[AIM OF THE EXERCISE]: Every record below is to be retyped exactly, with any pictures left out.

[DATA FOR THE TASK]:
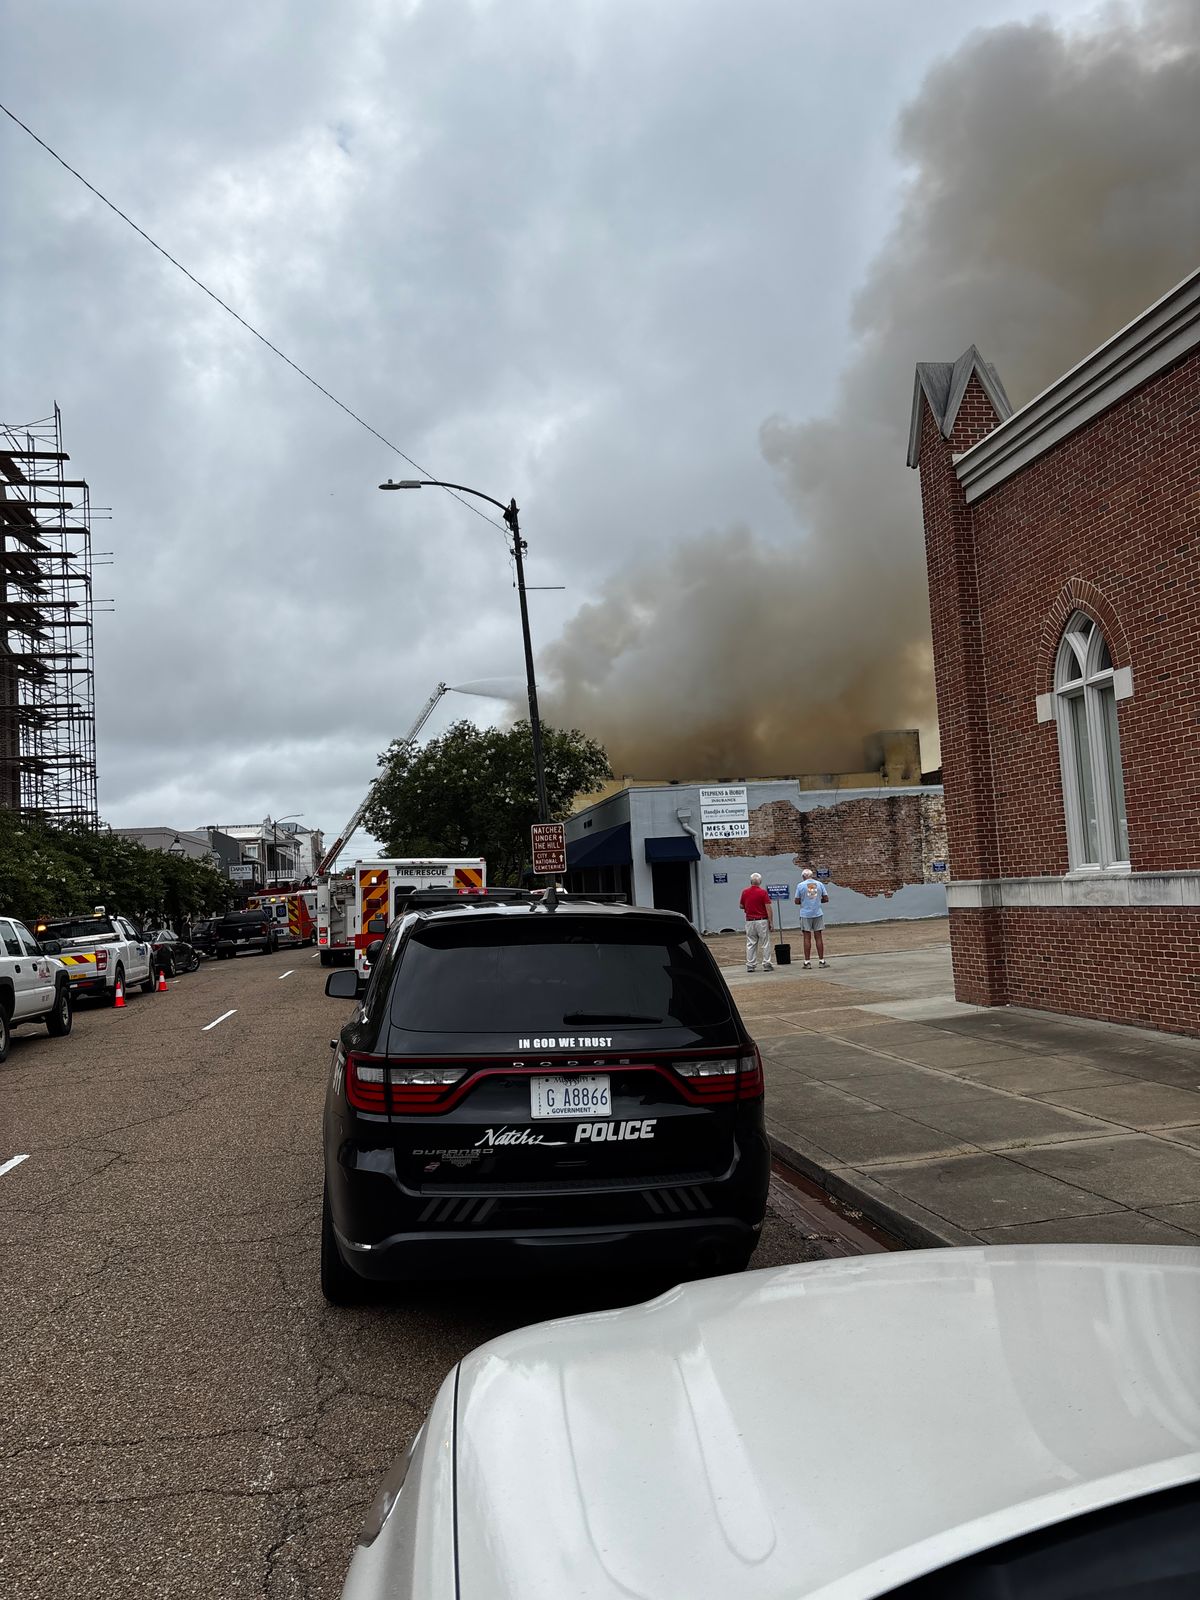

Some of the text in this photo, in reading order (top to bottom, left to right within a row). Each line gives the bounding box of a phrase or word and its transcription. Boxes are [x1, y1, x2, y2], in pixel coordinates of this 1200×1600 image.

[533, 826, 562, 834] NATCHEZ
[535, 834, 558, 842] UNDER
[518, 1037, 613, 1049] IN GOD WE TRUST
[546, 1088, 555, 1107] G
[563, 1087, 608, 1107] A8866
[551, 1106, 592, 1114] GOVERNMENT
[474, 1119, 657, 1147] Natchez POLICE

[EXERCISE SOLUTION]:
Some of the text in this photo, in reading order (top to bottom, left to right within a row). Each line gives the bounding box of a phrase or word and its transcription. Boxes are [x1, y1, x2, y2], in pixel coordinates of this 1200×1600 image.

[533, 826, 562, 834] NATCHEZ
[535, 834, 558, 842] UNDER
[518, 1037, 613, 1049] IN GOD WE TRUST
[546, 1088, 555, 1107] G
[563, 1087, 608, 1107] A8866
[551, 1106, 592, 1114] GOVERNMENT
[474, 1119, 657, 1147] Natchez POLICE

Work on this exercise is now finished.